しかし、無事に勝利したことだし、親友二人による祝福が待ち構えているだろうと思って上機嫌で戻った緋乃に与えられたのは明乃によるお叱りの言葉だった。
与えられて当然だと思っていた賛辞の言葉が受けられず、拗ねる緋乃。
そんな緋乃に対し、理奈が苦笑しながら緋乃へとスポーツドリンクの入ったペットボトルを差し出す。

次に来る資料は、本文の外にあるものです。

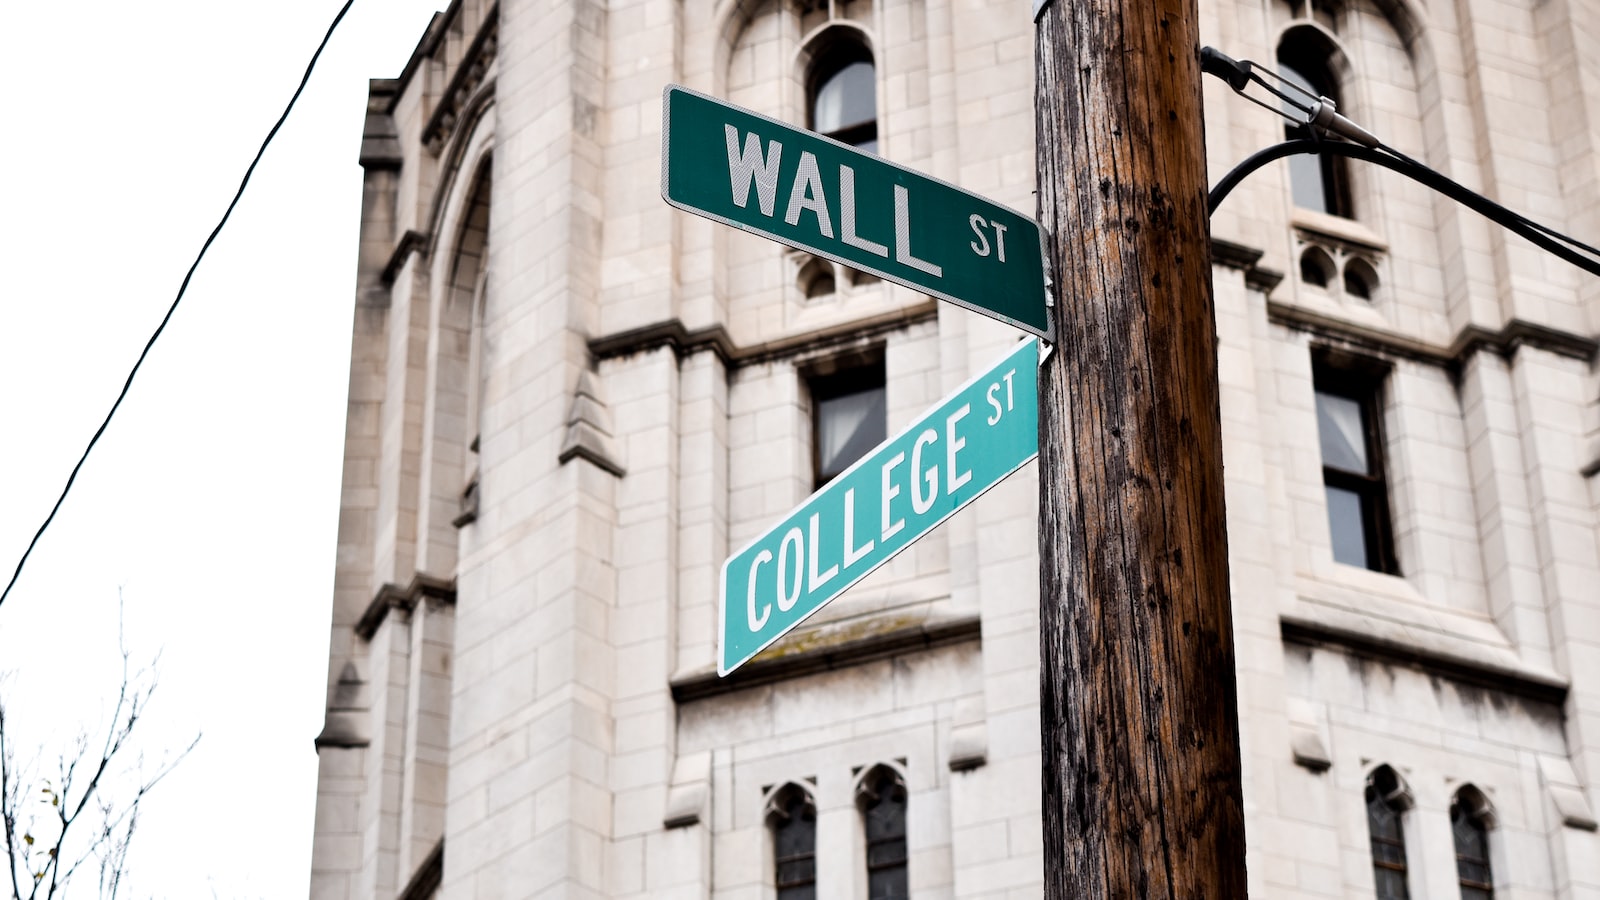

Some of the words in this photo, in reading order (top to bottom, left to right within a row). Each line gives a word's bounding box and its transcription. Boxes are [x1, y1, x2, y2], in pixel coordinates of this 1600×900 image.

[724, 123, 943, 278] WALL
[969, 213, 1008, 263] ST
[747, 402, 973, 633] COLLEGE
[986, 368, 1016, 427] ST
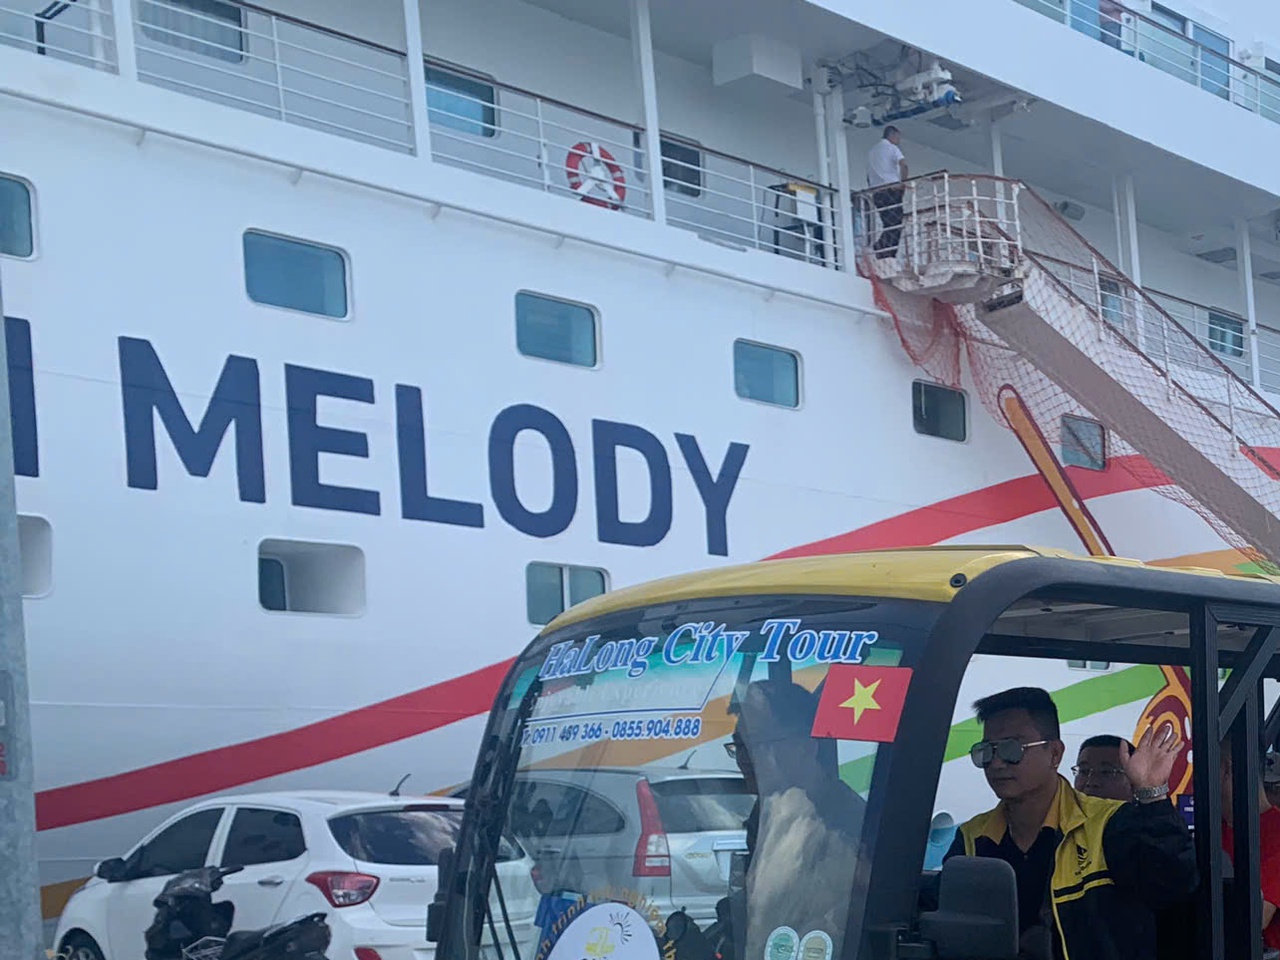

「まあまあ、明乃ちゃんもそれくらいで。緋乃ちゃんも拗ねないの。はい、これでも飲んで機嫌直して?」
「んぐんぐ……。拗ねてなんかない。んぐ……。ぷはぁ。ありがと、理奈」
「どういたしまして。あと緋乃ちゃん、勝利おめでとう!」
「ん、ありがと……」
ペットボトルの四分の一ほどを飲んだ緋乃は、飲みきれなかった分を理奈へと返却する。理奈はそれを大事そうに受け取るとカバンへと仕舞い込み、笑顔で緋乃の準決勝勝利を祝う。
「そうね……。準決勝勝利おめでと、緋乃」
「明乃も……。うん、ありがと。二人ともありがとう」
それを受け嬉しそうにはにかみながら理奈へと礼を言う緋乃を見て、明乃も緋乃の勝利を祝っていないことに気付いたのか、軽く頭を振って気持ちを入れ替えると笑顔で緋乃の勝利を祝う言葉を贈る。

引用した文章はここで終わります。